Tres goles de Yannick Carrasco lanzaron la remontada del Atlético de Madrid al Granada, que se adelantó en el minuto 18, resistió hasta el 44 y cayó noqueado después por la imponente reacción del líder, cerrada con tantos de Gaitán (2), Correa y Tiago Mendes (7-1).

El Atlético duda pocas veces. Y, cuando esto sucede, casi siempre se levanta. No entró al partido tan concluyente como reclamaba en la víspera su técnico, el argentino Diego Simeone, y recibió el 0-1 de Isaac Cuenca de forma inesperada, superado el cuarto de hora, en el único tiro del Granada, pero respondió con ambición y siete goles.

Su capacidad de reacción es un factor, entre otros muchos, por los que el Atlético superó al Granada. Encadena ya más de un año sin perder en Liga en su estadio -23 partidos- y se maneja en la cima de la tabla. Porque hubo dudas en el Atlético en los primeros veinte minutos. Nunca en cuanto a su actitud y su mentalidad ganadora, las dos incuestionables, pero sí en otros aspectos del comienzo del partido; en defensa, con un irreconocible Diego Godín con un par de fallos en el corte inusuales en un tipo de tanta fiabilidad, y en ataque.

El Atlético tuvo el balón, por momentos lo movió con astucia y precisión al ritmo de Koke, un futbolista aún más enorme en el medio centro, pero no generó ocasiones hasta el minuto 23; el Granada, replegado, apenas manejó la pelota de medio campo para adelante, atravesado por unos cuantos pelotazos, pero marcó el 0-1. Un golazo.

Desde ese momento, la remontada sólo fue una cuestión de tiempo. El conjunto madrileño respondió con voracidad. Fue veloz, ágil, profundo, desbordante y efectivo en la ofensiva por el empate, primero, y por la victoria, minutos después.

Lo uno y lo otro llevaron la firma del belga Yannick Carrasco. En el minuto 33, la igualada, remachada por el extremo, oportuno para transformar en el 1-1 un balón suelto en el área entre un cabezazo del francés Antoine Griezmann y un rechace flojo, al medio, casi un regalo, del mexicano Guillermo Ochoa. Una concesión decisiva, entre alguna protesta por una supuesta falta previa en un salto anterior.

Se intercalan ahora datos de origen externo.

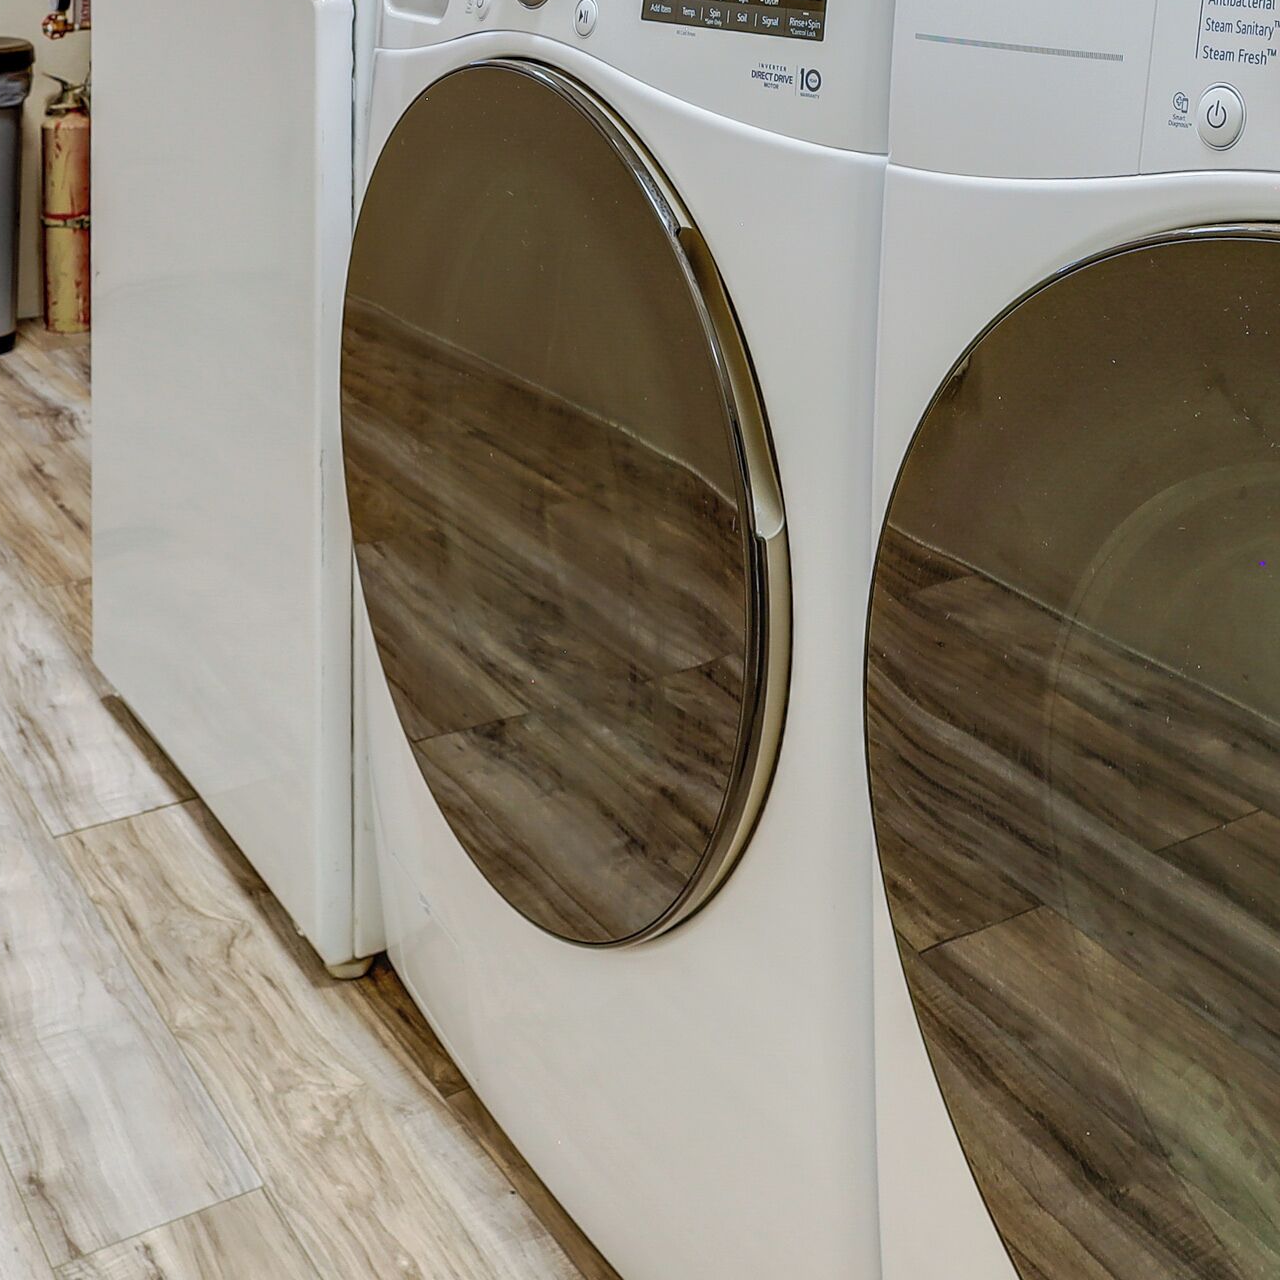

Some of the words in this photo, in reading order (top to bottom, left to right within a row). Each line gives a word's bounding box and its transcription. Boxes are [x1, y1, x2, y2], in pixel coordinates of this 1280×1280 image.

[650, 3, 660, 12] Add
[660, 4, 672, 13] Item
[709, 8, 721, 19] Spin
[737, 12, 748, 22] Soil
[761, 15, 780, 28] Signal
[1205, 17, 1233, 34] Steam
[1202, 45, 1235, 62] Steam
[758, 62, 787, 72] INVERTER
[751, 69, 774, 81] DIRECT
[773, 73, 794, 85] DRIVE
[800, 67, 822, 93] 10
[763, 82, 780, 90] MOTOR
[1172, 113, 1186, 121] Smart

Y en el 44, en la última acción del primer tiempo, el 2-1; una conducción suya por la esquina del área y un derechazo que se alió con el rechace en Tito para descontrolarse camino de la portería de Ochoa. En once minutos, el partido ya se había volteado, dirigido a la cuenta de puntos del actual líder de la clasificación.

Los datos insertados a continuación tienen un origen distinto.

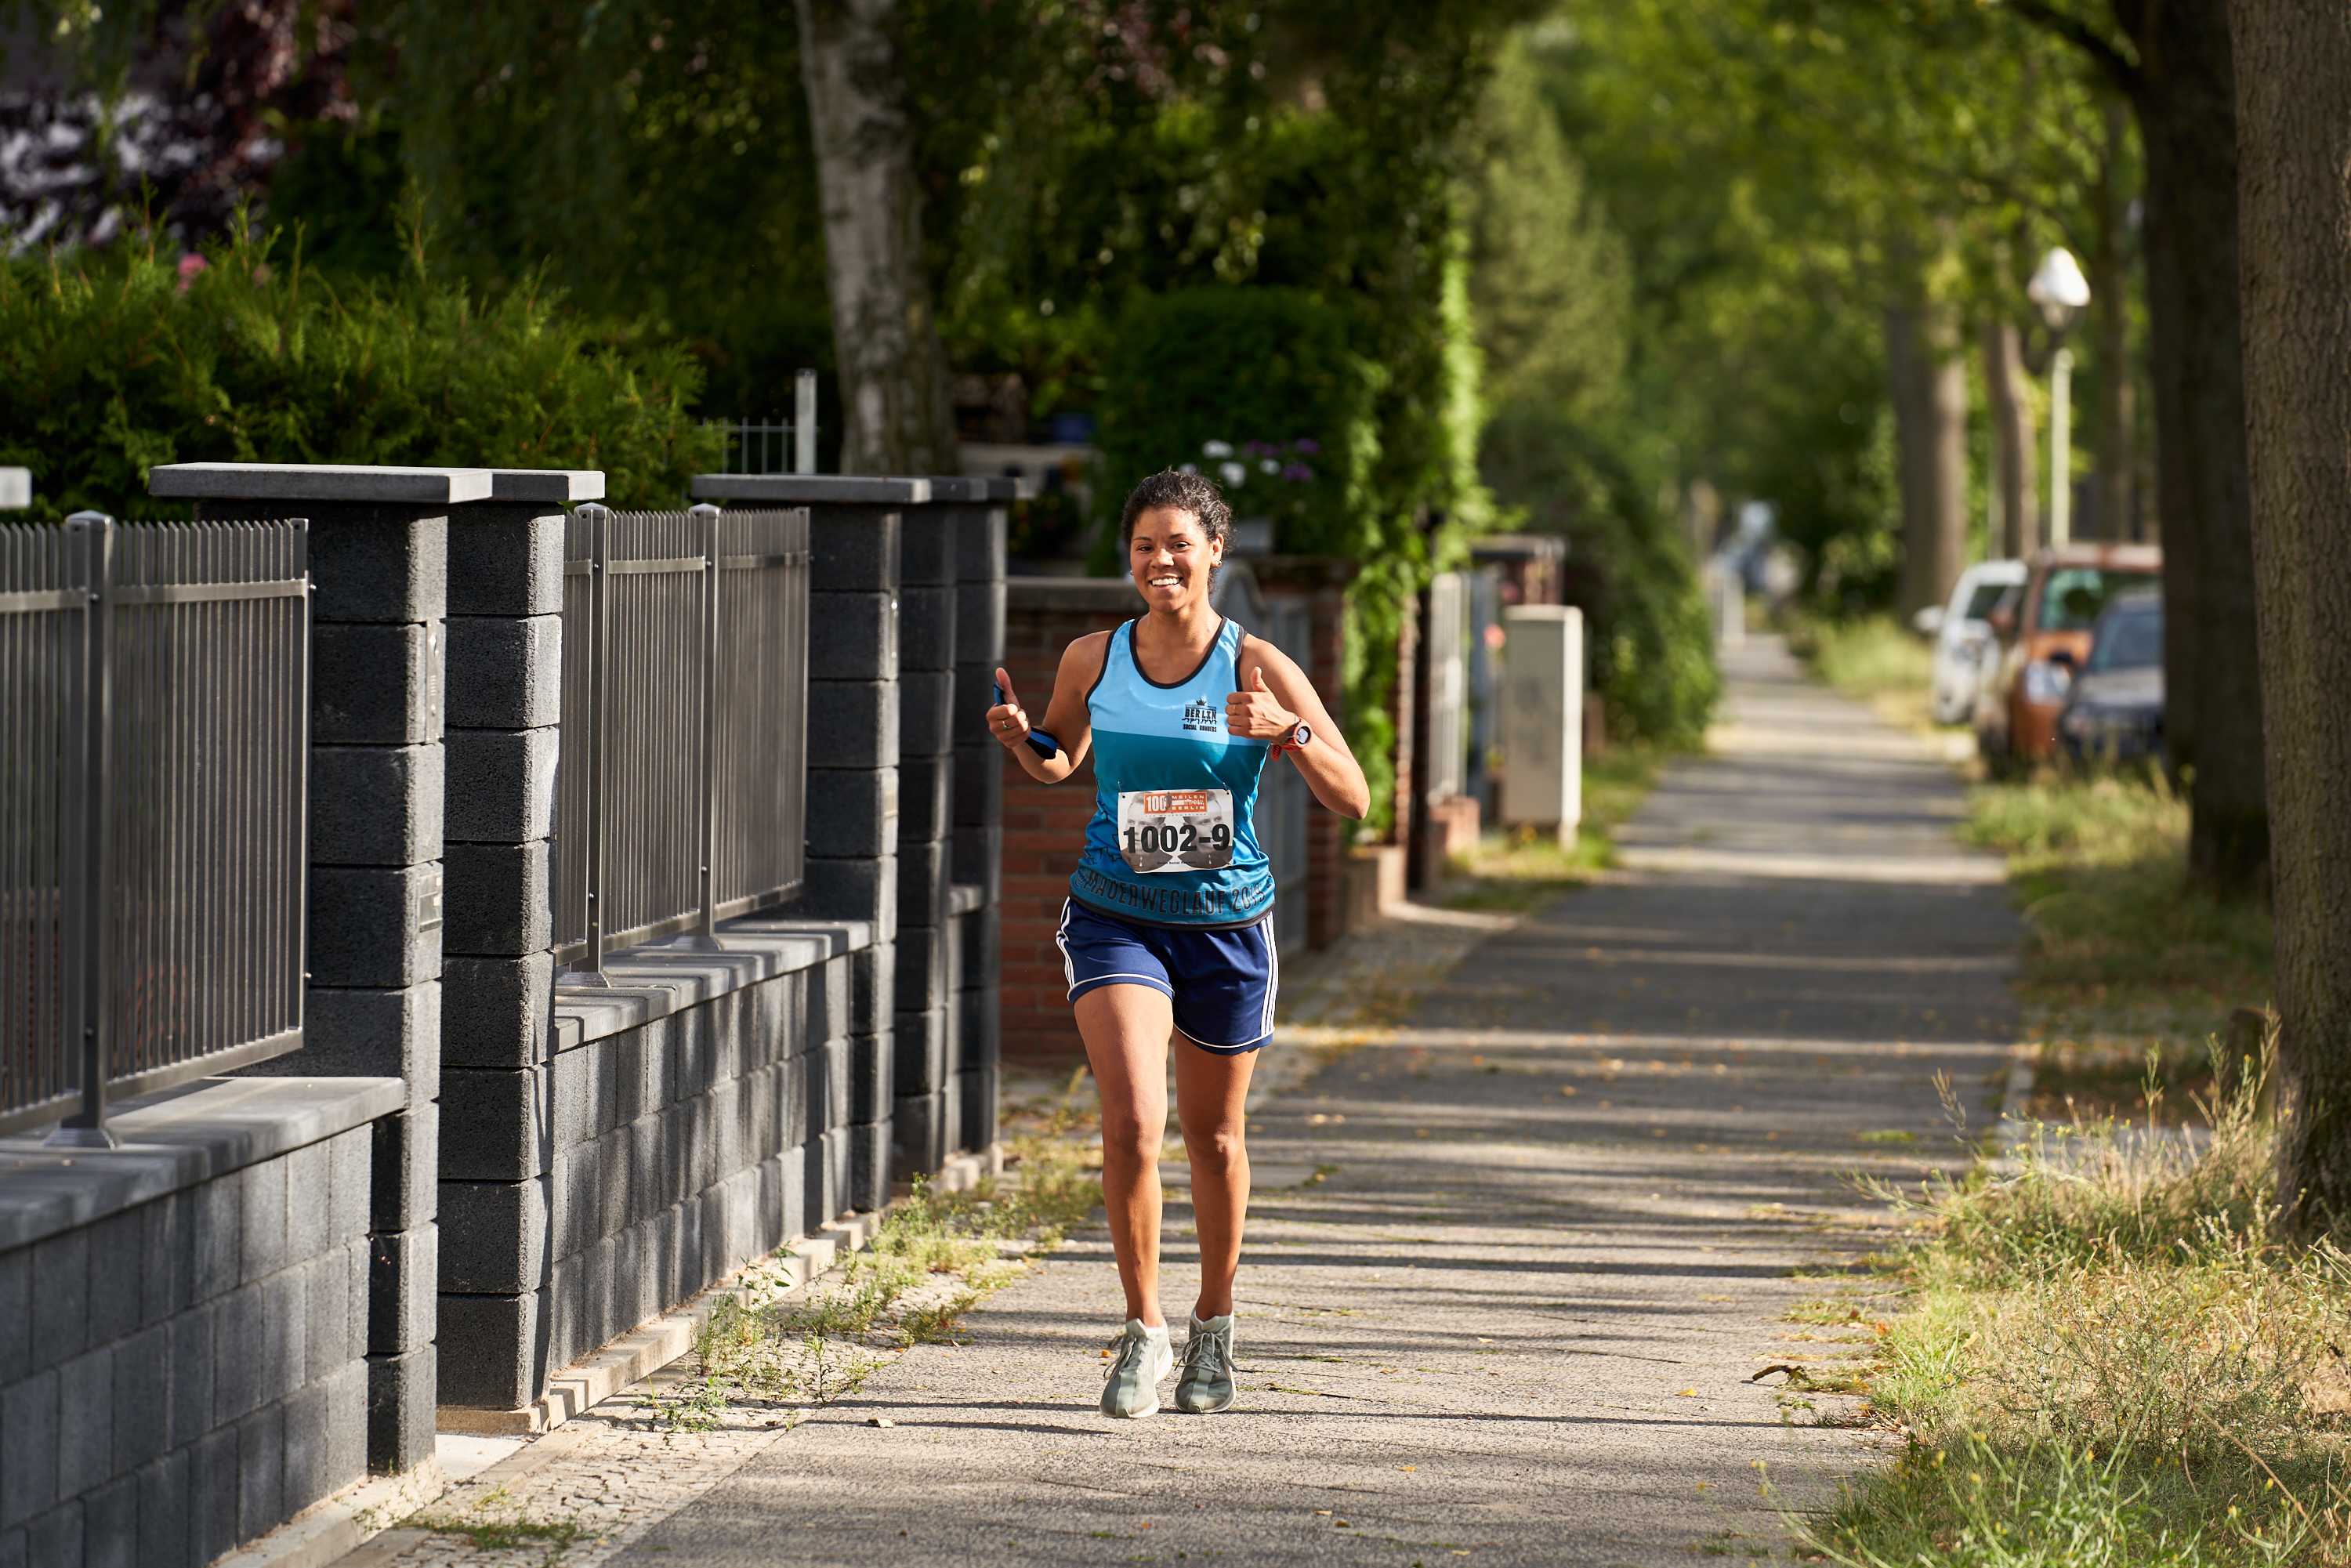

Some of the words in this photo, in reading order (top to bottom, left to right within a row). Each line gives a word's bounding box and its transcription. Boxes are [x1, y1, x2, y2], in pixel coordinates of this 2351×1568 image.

[1185, 708, 1217, 719] BERLIN
[1146, 795, 1167, 812] 100
[1123, 824, 1230, 853] 1002-9

Hasta ahí resistió el Granada, en el reestreno en su banquillo de Lucas Alcaraz, la solución de la directiva para un equipo que ha fichado 20 jugadores, ya ha cambiado de técnico en siete jornadas y aún no ha encontrado un triunfo este curso. De principio, transmitió un aspecto competitivo; después decayó cuando creció la exigencia.

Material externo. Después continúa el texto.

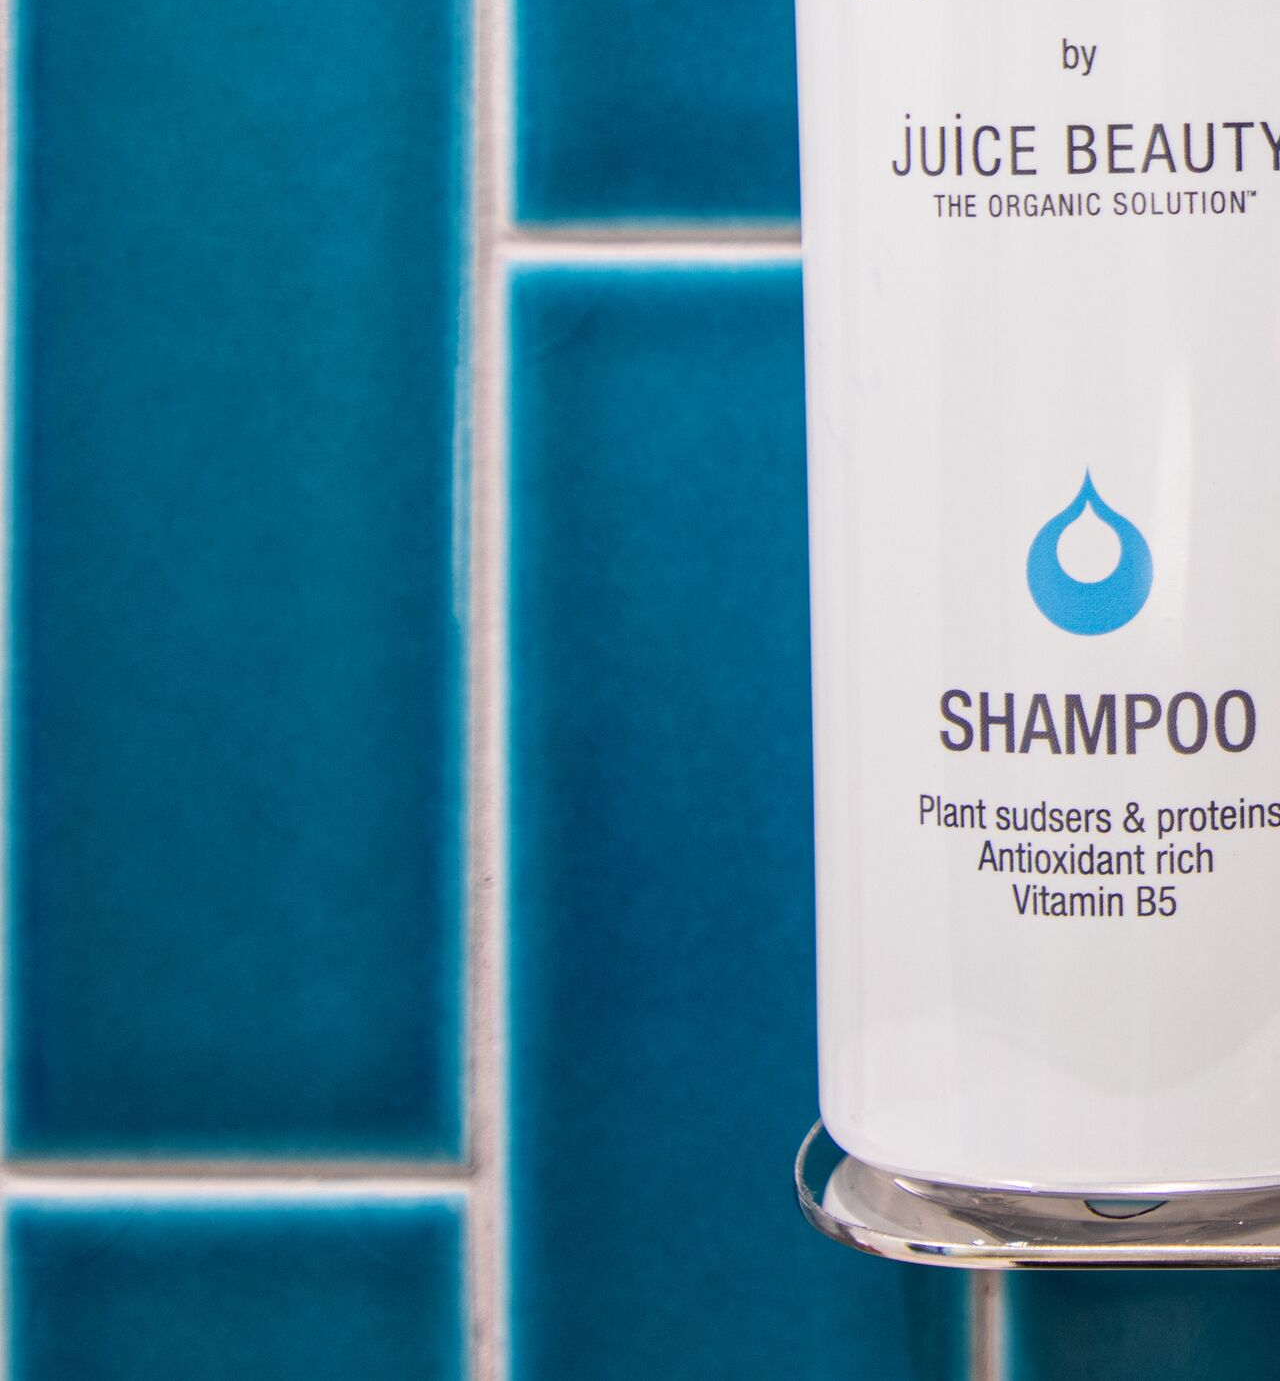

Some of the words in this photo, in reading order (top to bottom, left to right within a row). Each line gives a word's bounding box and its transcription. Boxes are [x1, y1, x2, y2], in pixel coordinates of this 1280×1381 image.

[1062, 38, 1097, 77] by
[933, 194, 977, 218] THE
[988, 192, 1101, 218] ORGANIC
[939, 688, 1257, 756] SHAMPOO
[919, 793, 987, 830] Plant
[995, 800, 1112, 835] sudsers
[1122, 801, 1146, 834] &
[977, 839, 1146, 876] Antioxidant
[1156, 841, 1214, 875] rich
[1011, 883, 1124, 918] Vitamin
[1136, 885, 1177, 918] B5

Ya no le dio ninguna opción el Atlético. Ni con el resultado apretado, el 2-1 que reflejó el vídeo-marcador hasta la hora de encuentro, ni mucho menos después, con el tercer gol de Carrasco (3-1), asistido por Griezmann, con el 4-1 y el 5-1 de Gaitán, con el 6-1 de Correa, con el 7-1 de Tiago Mendes y una remontada de líder.